**WORK TO COMPLETE:** The answer must be an exact copy of the records below, with every picture left out.

**AVAILABLE DATA:**

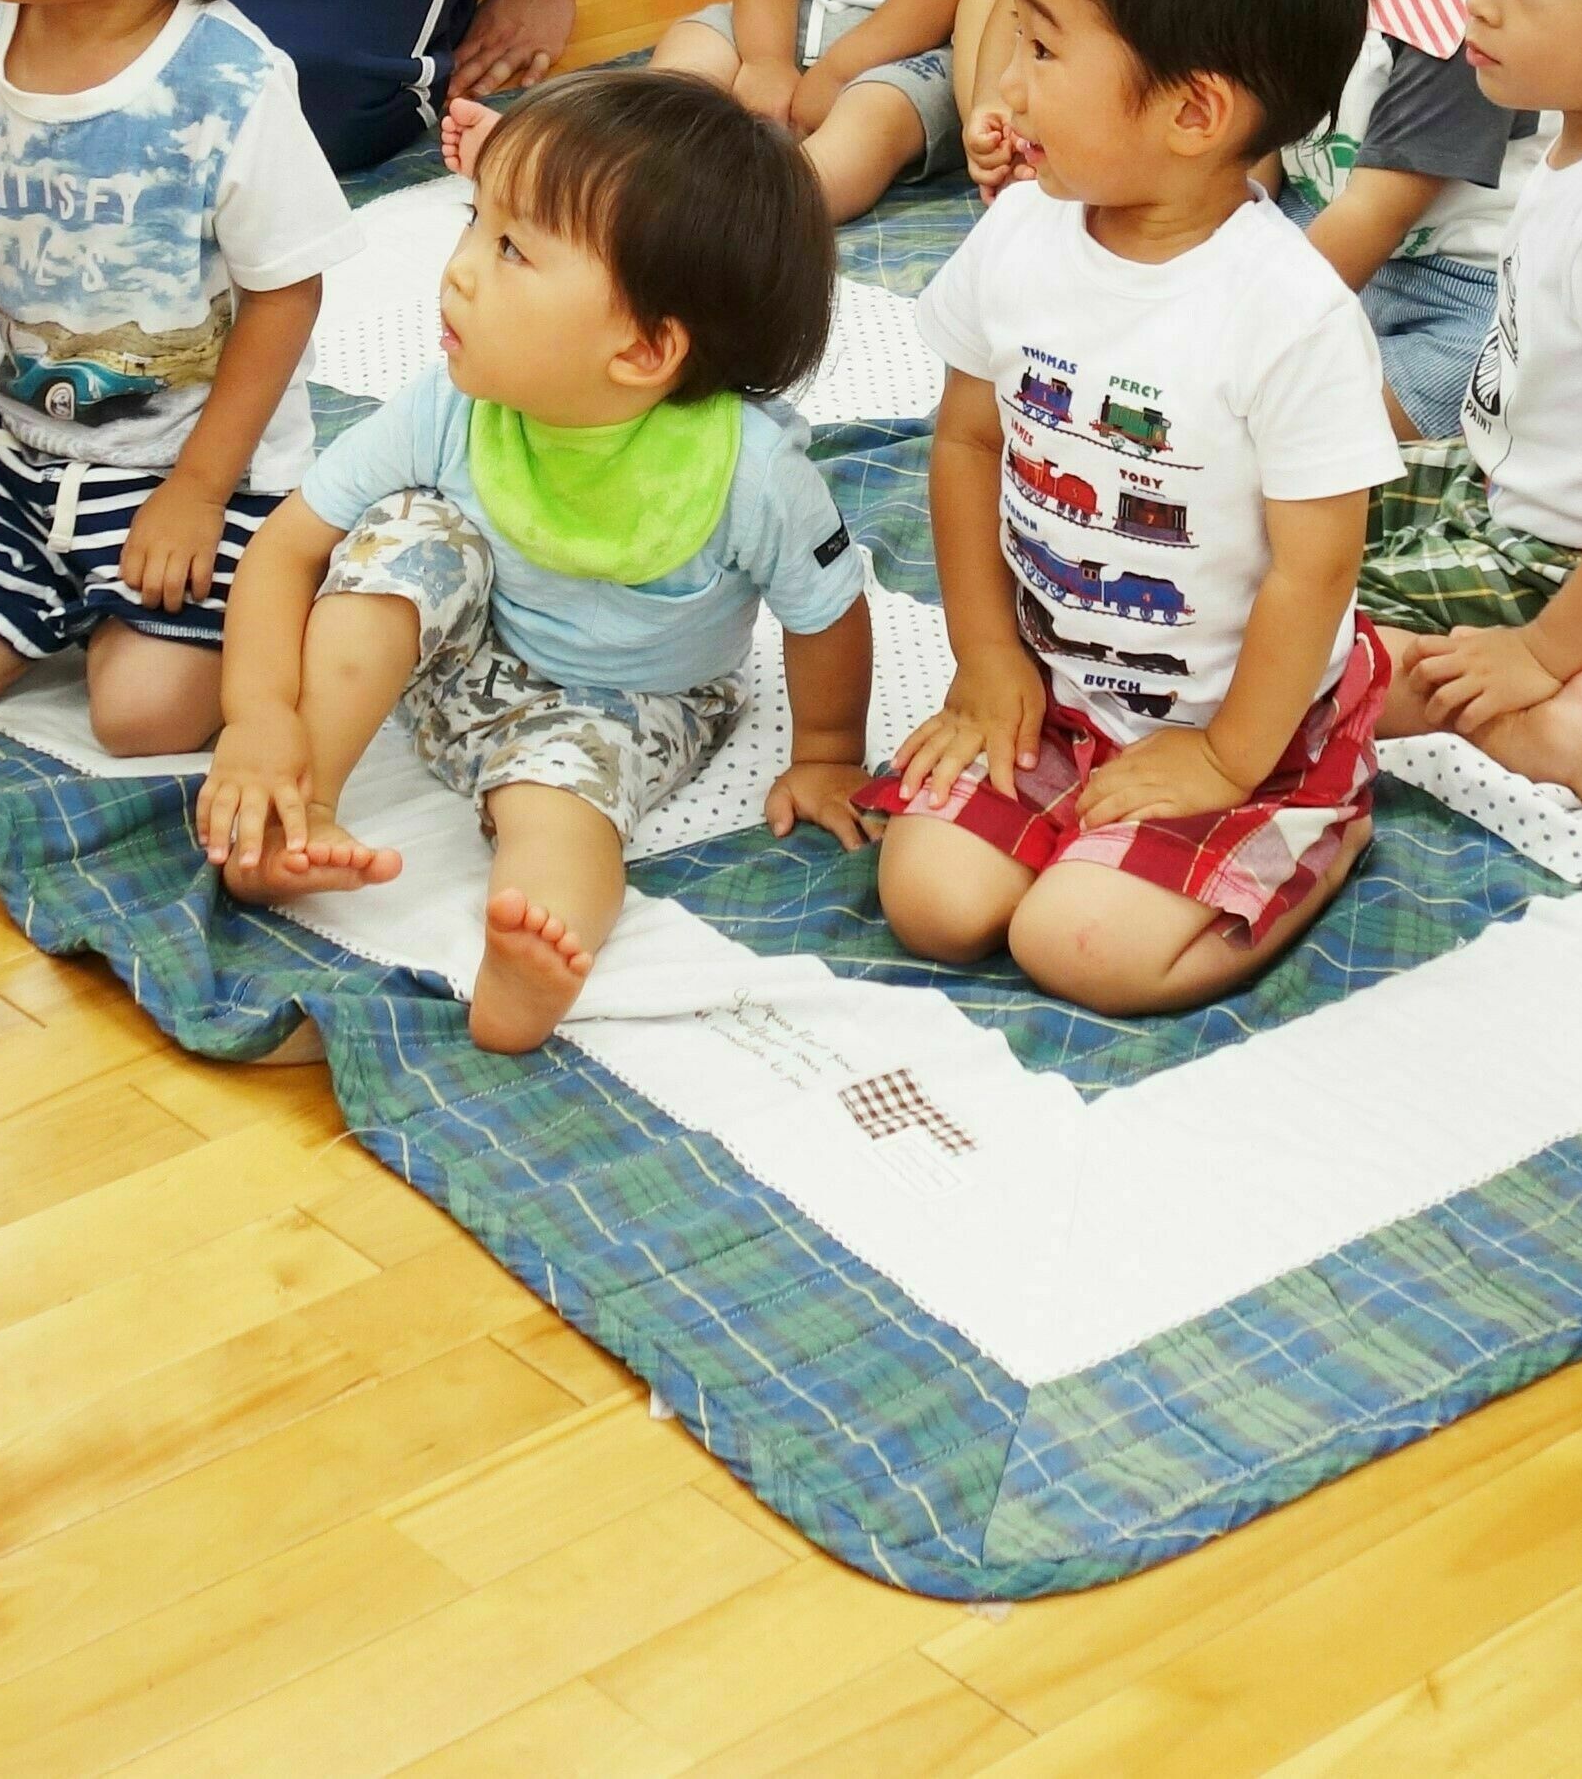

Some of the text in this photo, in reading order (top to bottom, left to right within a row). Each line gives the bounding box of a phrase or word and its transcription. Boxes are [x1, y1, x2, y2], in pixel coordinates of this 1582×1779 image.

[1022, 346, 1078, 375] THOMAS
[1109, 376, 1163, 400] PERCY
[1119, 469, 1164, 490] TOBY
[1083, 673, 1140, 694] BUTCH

**REPLY TO THE TASK:**
Some of the text in this photo, in reading order (top to bottom, left to right within a row). Each line gives the bounding box of a phrase or word and its transcription. Boxes are [x1, y1, x2, y2], in pixel coordinates of this 1582×1779 image.

[1022, 346, 1078, 375] THOMAS
[1109, 376, 1163, 400] PERCY
[1119, 469, 1164, 490] TOBY
[1083, 673, 1140, 694] BUTCH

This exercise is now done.